*** Excerpted records ***
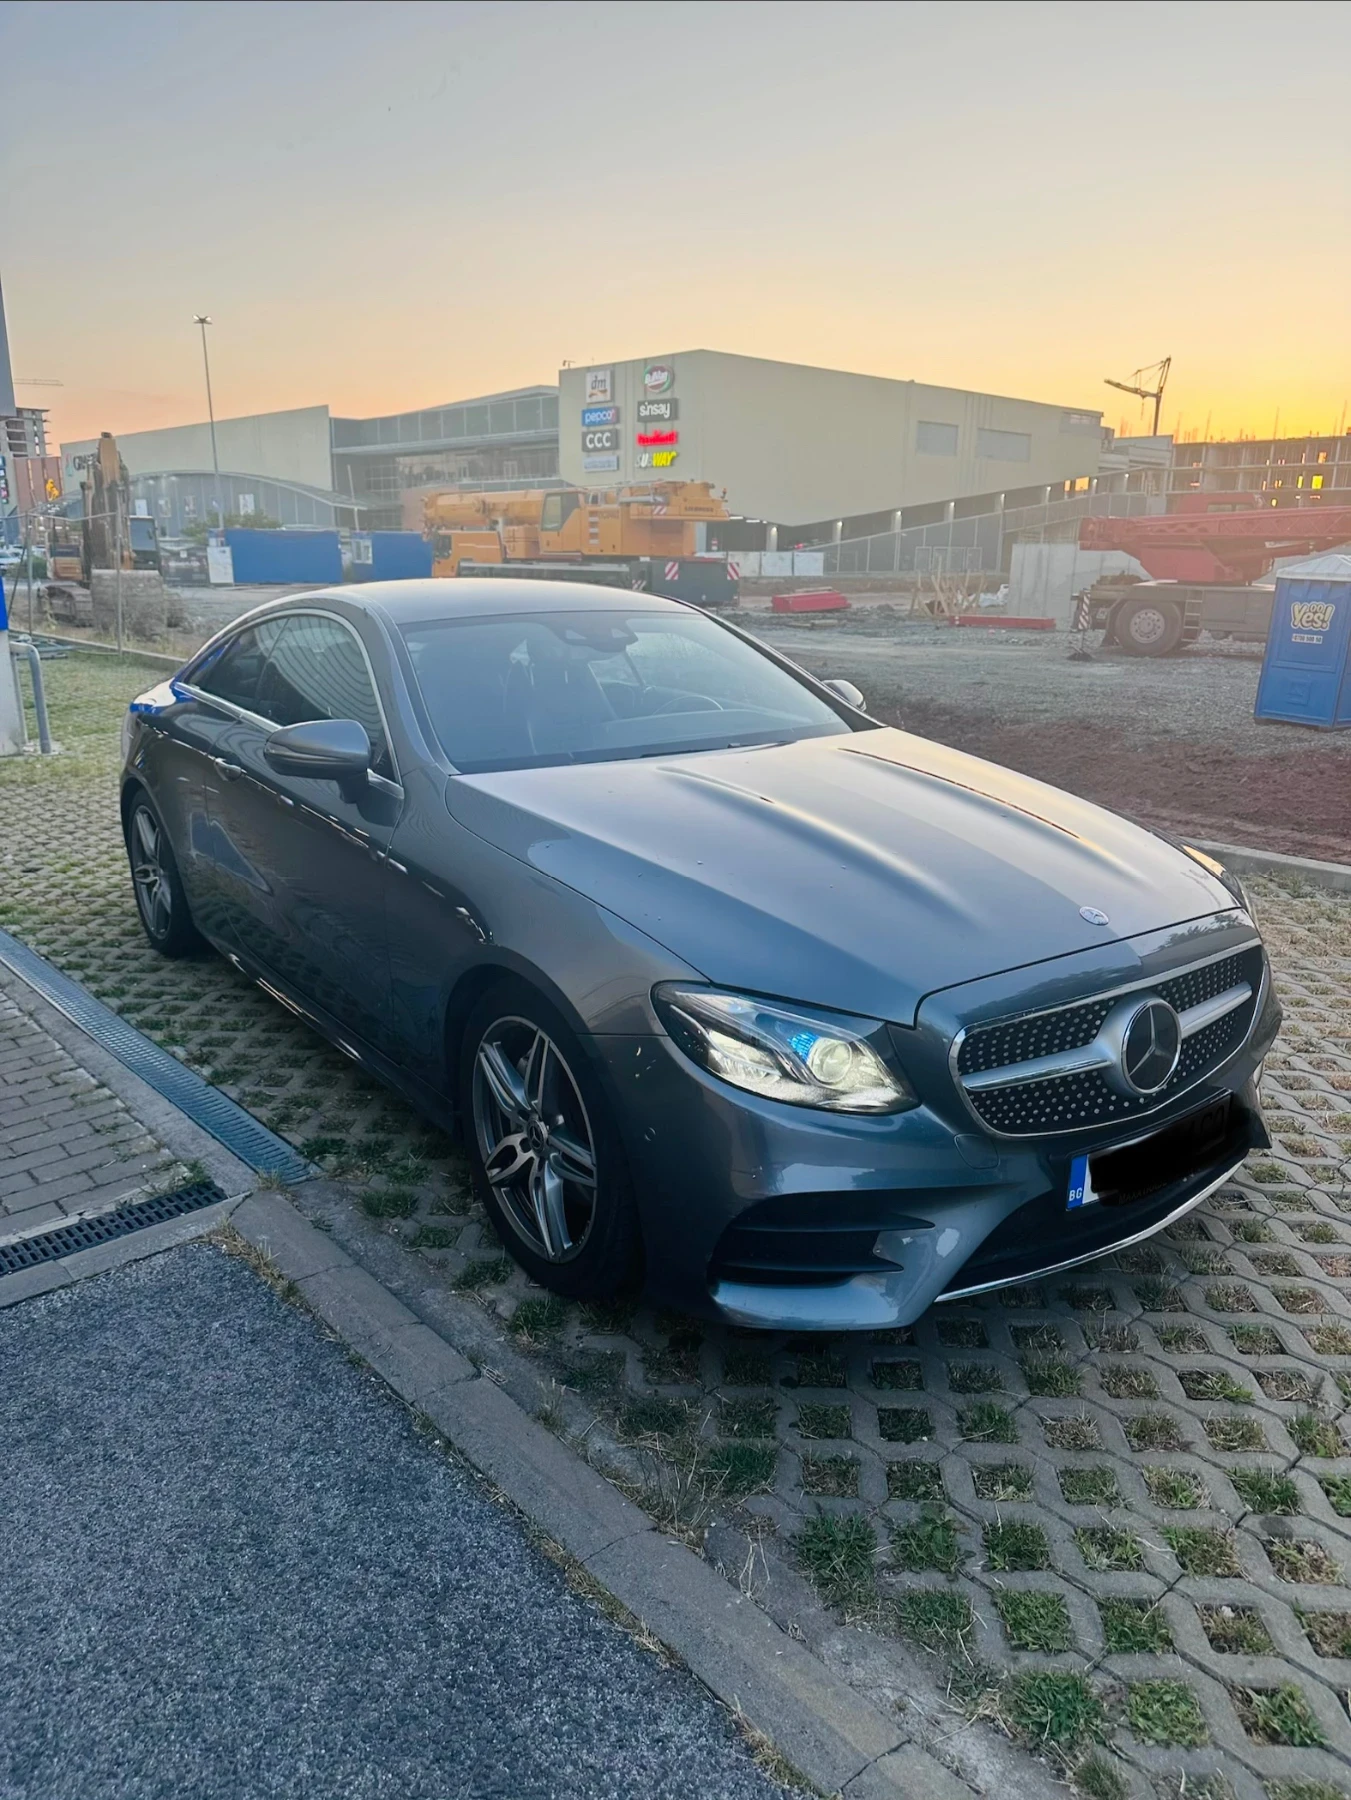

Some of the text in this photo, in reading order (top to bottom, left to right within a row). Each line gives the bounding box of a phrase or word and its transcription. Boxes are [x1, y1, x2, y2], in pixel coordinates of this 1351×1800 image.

[591, 375, 607, 389] dm
[585, 409, 613, 424] pepco
[640, 401, 670, 418] sinsay
[586, 432, 611, 448] CCC
[1069, 1188, 1082, 1201] BG
*** End of Excerpted records ***
Any picture among the entries must be skipped; copy all else exactly.

_Answer for the task:_
Some of the text in this photo, in reading order (top to bottom, left to right within a row). Each line gives the bounding box of a phrase or word and its transcription. Boxes are [x1, y1, x2, y2], in pixel coordinates of this 1351×1800 image.

[591, 375, 607, 389] dm
[585, 409, 613, 424] pepco
[640, 401, 670, 418] sinsay
[586, 432, 611, 448] CCC
[1069, 1188, 1082, 1201] BG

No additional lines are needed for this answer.